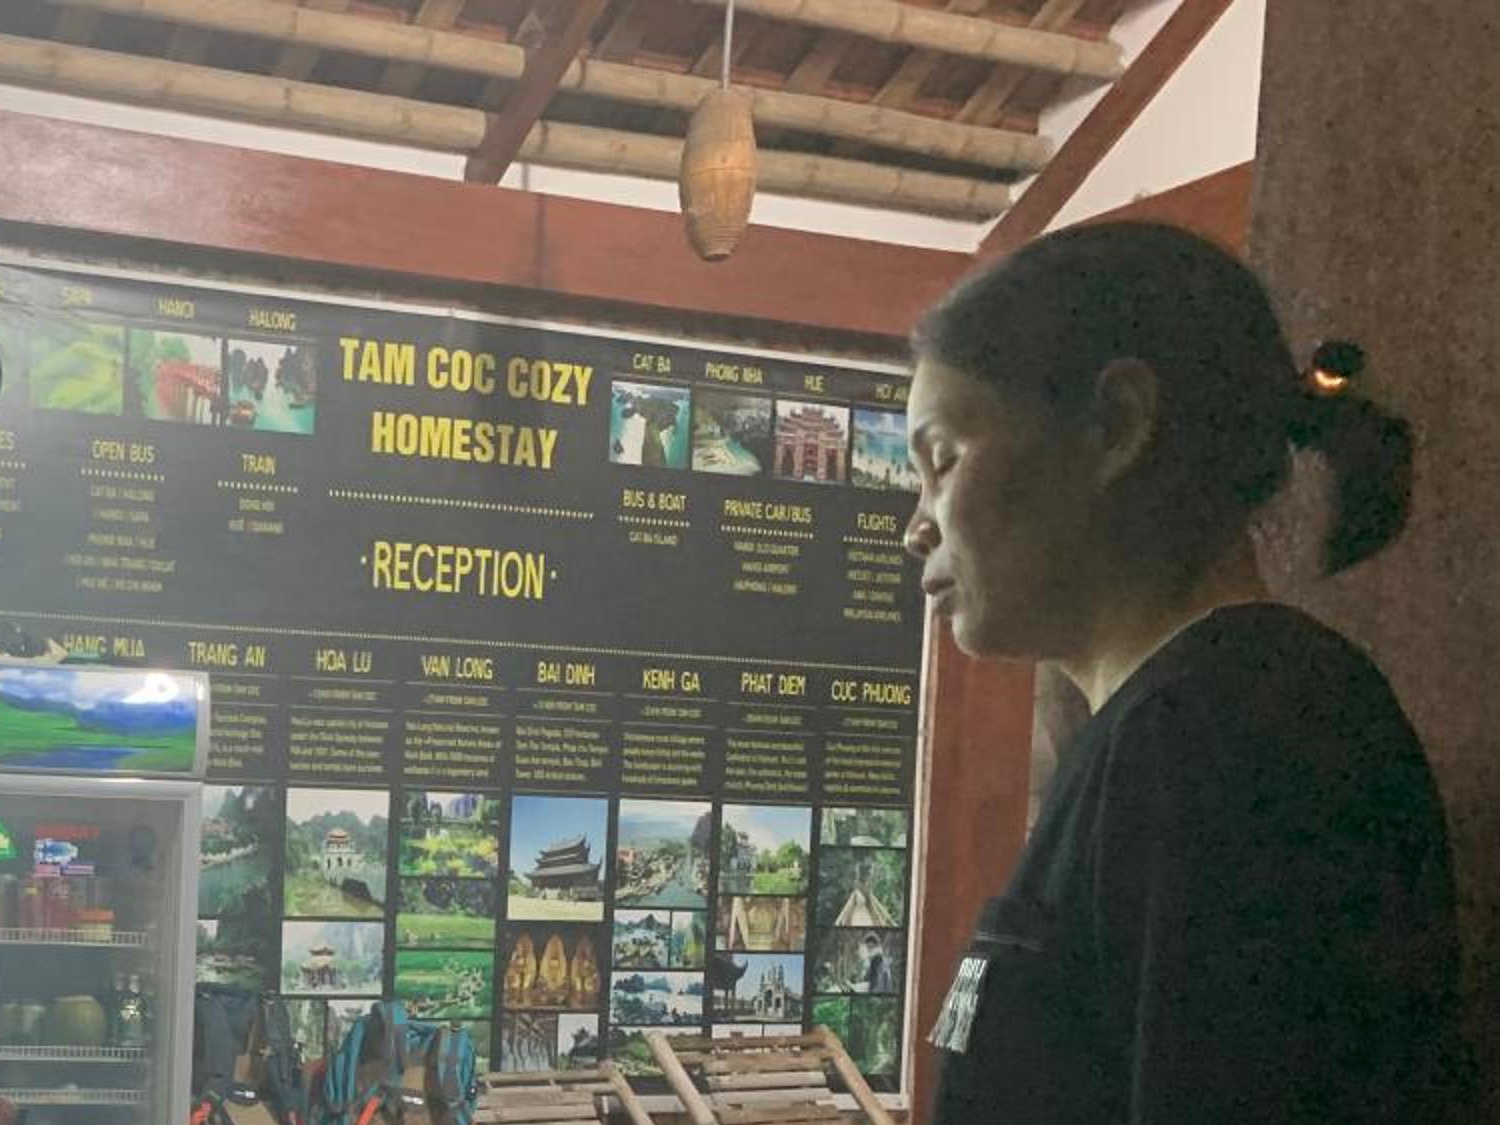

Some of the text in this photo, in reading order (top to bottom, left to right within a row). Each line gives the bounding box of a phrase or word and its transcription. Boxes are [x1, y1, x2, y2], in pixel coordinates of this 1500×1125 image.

[339, 336, 594, 406] TAM COC COZY
[632, 352, 672, 374] CAT BA
[91, 439, 156, 464] OPEN BUS
[371, 410, 558, 469] HOMESTAY
[241, 452, 276, 477] TRAIN
[622, 488, 645, 509] BUS
[658, 491, 688, 513] BOAT
[723, 499, 764, 521] PRIVATE
[856, 511, 898, 532] FLIGHTS
[372, 540, 546, 600] RECEPTION
[187, 640, 268, 668] TRANG AN
[315, 648, 372, 674] HOA LU
[420, 654, 494, 682] VAN LONG
[536, 660, 597, 687] BAI DINH
[642, 668, 701, 692] KENH GA
[740, 671, 806, 697] PHAT DIEM
[831, 678, 912, 705] CUC PHUONG
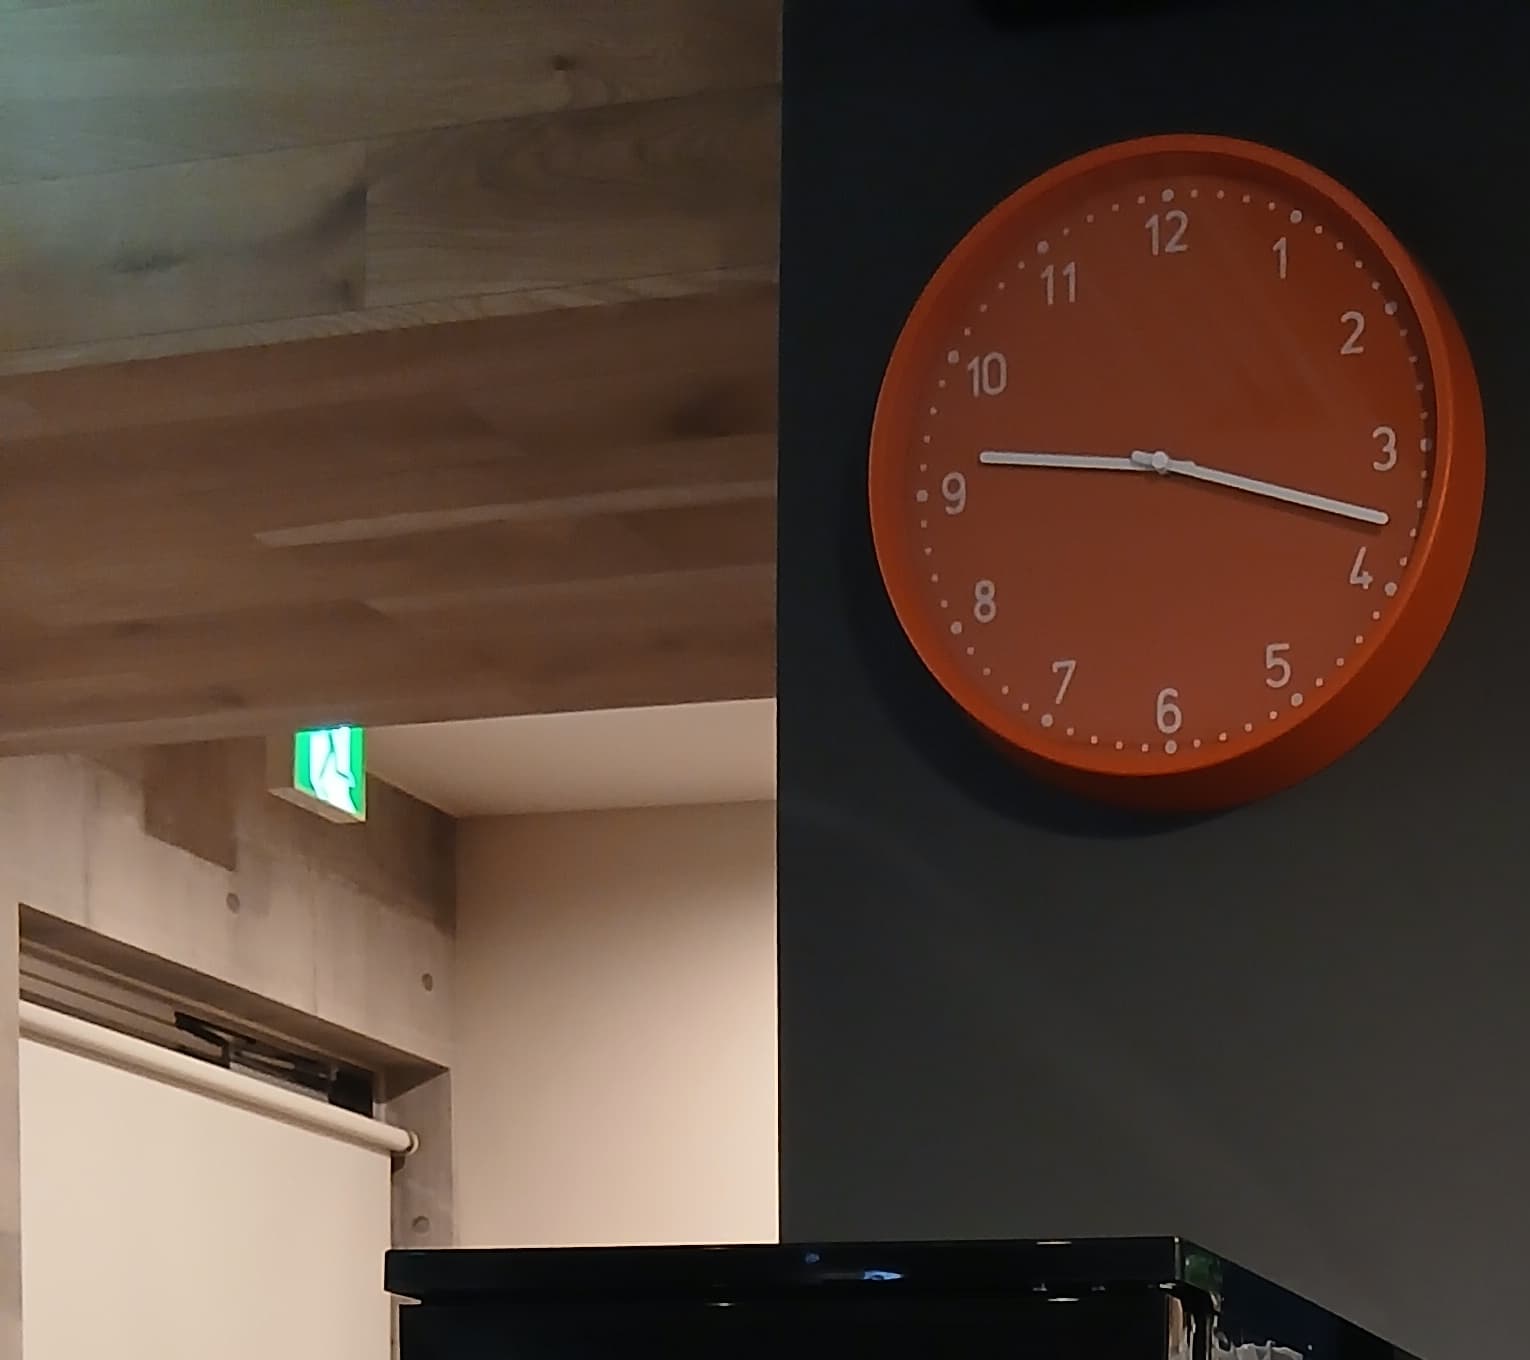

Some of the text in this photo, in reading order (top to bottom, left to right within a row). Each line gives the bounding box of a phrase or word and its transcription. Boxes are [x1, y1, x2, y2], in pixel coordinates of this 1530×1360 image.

[1145, 210, 1189, 256] 12
[1273, 237, 1287, 279] 1
[1040, 262, 1076, 304] 11
[1340, 311, 1366, 355] 2
[967, 352, 1008, 397] 10
[1373, 426, 1397, 471] 3
[942, 471, 966, 514] 9
[1349, 546, 1373, 590] 4
[974, 579, 997, 623] 8
[1052, 660, 1076, 704] 7
[1265, 643, 1291, 688] 5
[1156, 687, 1182, 733] 6
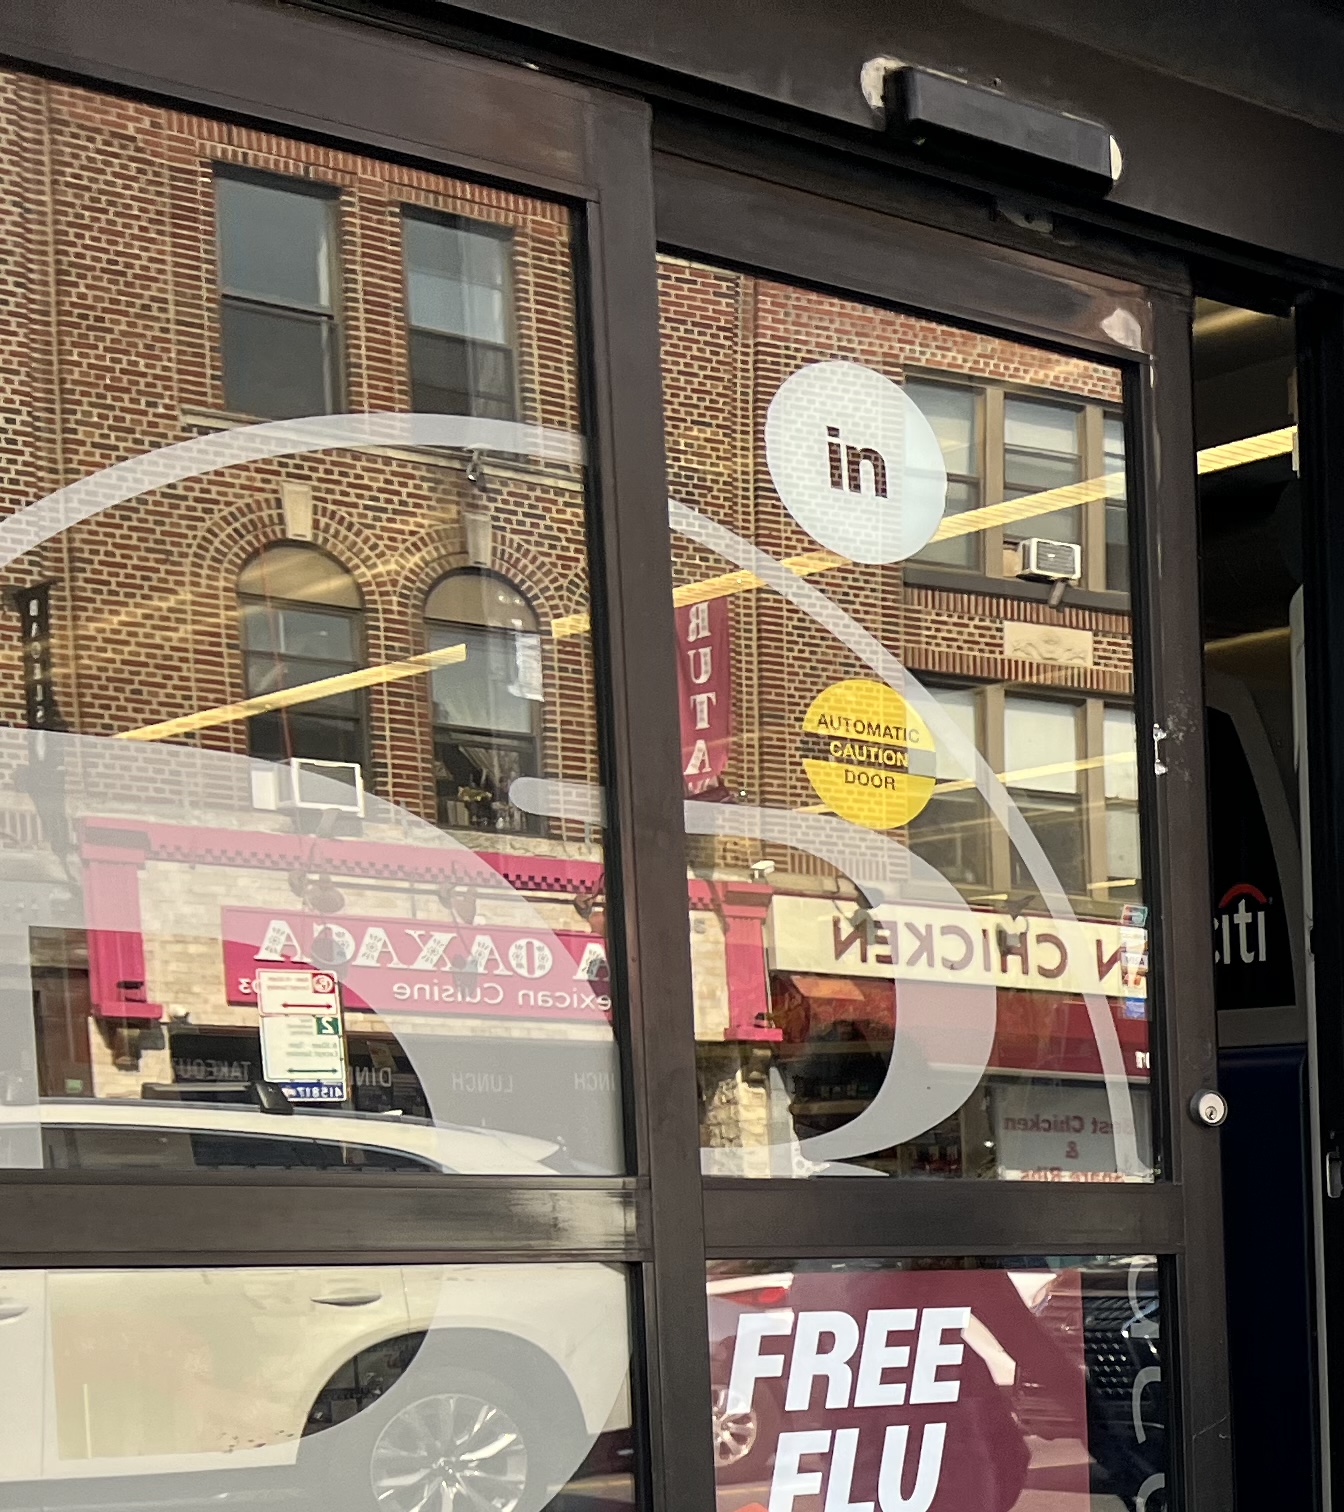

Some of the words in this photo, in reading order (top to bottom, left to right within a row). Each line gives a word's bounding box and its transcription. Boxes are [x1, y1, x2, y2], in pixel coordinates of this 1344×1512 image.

[825, 426, 888, 498] in
[817, 712, 920, 744] AUTOMATIC
[829, 740, 909, 768] CAUTION
[844, 769, 896, 791] DOOR
[1213, 898, 1267, 965] iti
[726, 1306, 972, 1415] FREE
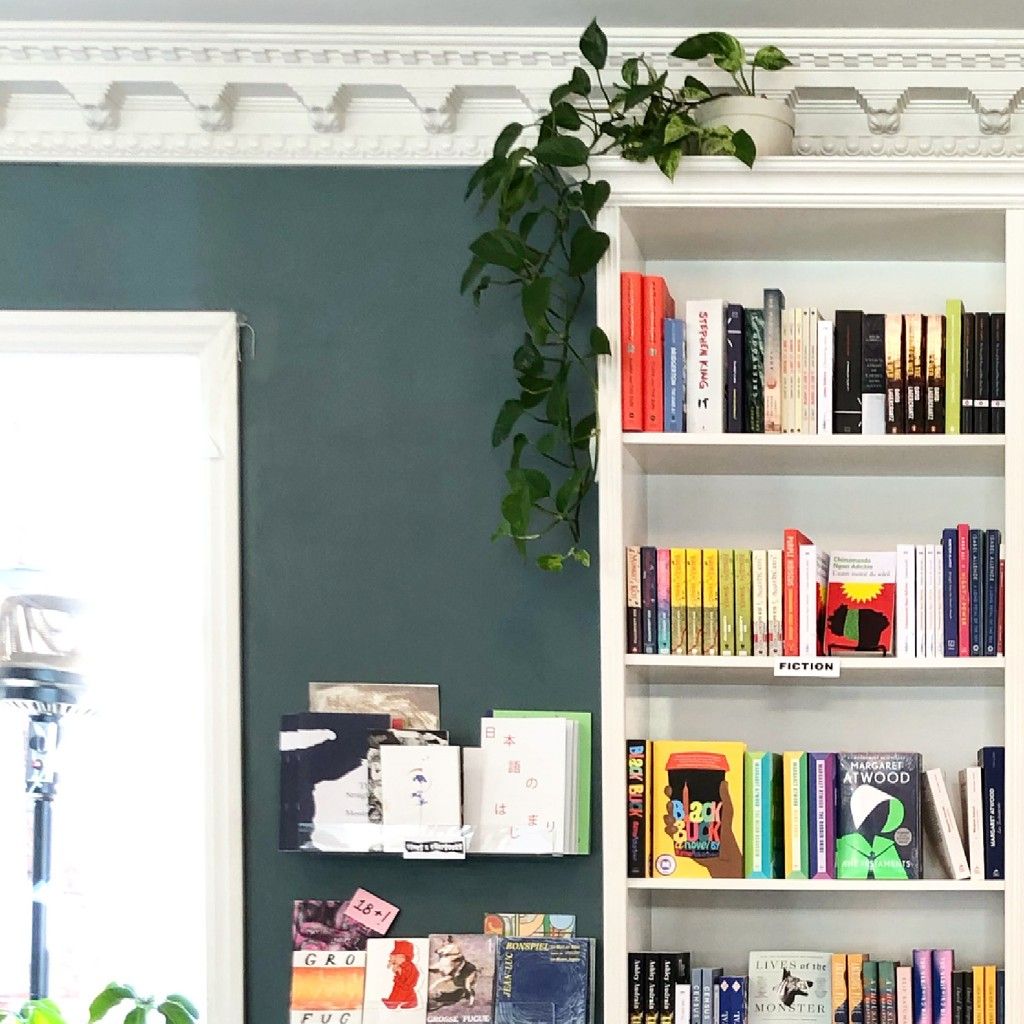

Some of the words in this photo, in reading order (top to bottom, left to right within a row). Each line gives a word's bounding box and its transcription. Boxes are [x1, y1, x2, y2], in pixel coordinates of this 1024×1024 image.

[699, 311, 708, 361] STEPHEN
[699, 363, 708, 389] KING
[778, 662, 834, 671] FICTION
[851, 762, 903, 770] MARGARET
[843, 771, 910, 784] ATWOOD
[353, 898, 391, 924] 18+!
[506, 942, 549, 951] BONSPIEL
[305, 953, 356, 965] GRO
[756, 960, 797, 970] LIVES
[800, 962, 810, 970] of
[812, 963, 826, 971] the
[503, 952, 514, 997] JEAN-LUC
[755, 1003, 826, 1014] MONSTER
[301, 1014, 351, 1024] FUG

> **Task goal**: In your copy of the listing above, reproduce each line exactly and omit all pictures.

> **Result of this task**:
Some of the text in this photo, in reading order (top to bottom, left to right within a row). Each line gives the bounding box of a phrase or word and its transcription. Boxes are [x1, y1, x2, y2], in pixel coordinates of this 1500×1125 image.

[339, 336, 594, 406] TAM COC COZY
[632, 352, 672, 374] CAT BA
[91, 439, 156, 464] OPEN BUS
[371, 410, 558, 469] HOMESTAY
[241, 452, 276, 477] TRAIN
[622, 488, 645, 509] BUS
[658, 491, 688, 513] BOAT
[723, 499, 764, 521] PRIVATE
[856, 511, 898, 532] FLIGHTS
[372, 540, 546, 600] RECEPTION
[187, 640, 268, 668] TRANG AN
[315, 648, 372, 674] HOA LU
[420, 654, 494, 682] VAN LONG
[536, 660, 597, 687] BAI DINH
[642, 668, 701, 692] KENH GA
[740, 671, 806, 697] PHAT DIEM
[831, 678, 912, 705] CUC PHUONG

Some of the text in this photo, in reading order (top to bottom, left to right within a row). Each line gives the bounding box of a phrase or word and its transcription. Boxes are [x1, y1, x2, y2], in pixel coordinates of this 1530×1360 image.

[1145, 210, 1189, 256] 12
[1273, 237, 1287, 279] 1
[1040, 262, 1076, 304] 11
[1340, 311, 1366, 355] 2
[967, 352, 1008, 397] 10
[1373, 426, 1397, 471] 3
[942, 471, 966, 514] 9
[1349, 546, 1373, 590] 4
[974, 579, 997, 623] 8
[1052, 660, 1076, 704] 7
[1265, 643, 1291, 688] 5
[1156, 687, 1182, 733] 6

Some of the words in this photo, in reading order (top to bottom, left to right within a row). Each line gives a word's bounding box and its transcription. Boxes are [x1, y1, x2, y2], in pixel coordinates of this 1344×1512 image.

[825, 426, 888, 498] in
[817, 712, 920, 744] AUTOMATIC
[829, 740, 909, 768] CAUTION
[844, 769, 896, 791] DOOR
[1213, 898, 1267, 965] iti
[726, 1306, 972, 1415] FREE

Some of the words in this photo, in reading order (top to bottom, left to right within a row). Each line gives a word's bounding box and its transcription. Boxes are [x1, y1, x2, y2], in pixel coordinates of this 1024×1024 image.

[699, 311, 708, 361] STEPHEN
[699, 363, 708, 389] KING
[778, 662, 834, 671] FICTION
[851, 762, 903, 770] MARGARET
[843, 771, 910, 784] ATWOOD
[353, 898, 391, 924] 18+!
[506, 942, 549, 951] BONSPIEL
[305, 953, 356, 965] GRO
[756, 960, 797, 970] LIVES
[800, 962, 810, 970] of
[812, 963, 826, 971] the
[503, 952, 514, 997] JEAN-LUC
[755, 1003, 826, 1014] MONSTER
[301, 1014, 351, 1024] FUG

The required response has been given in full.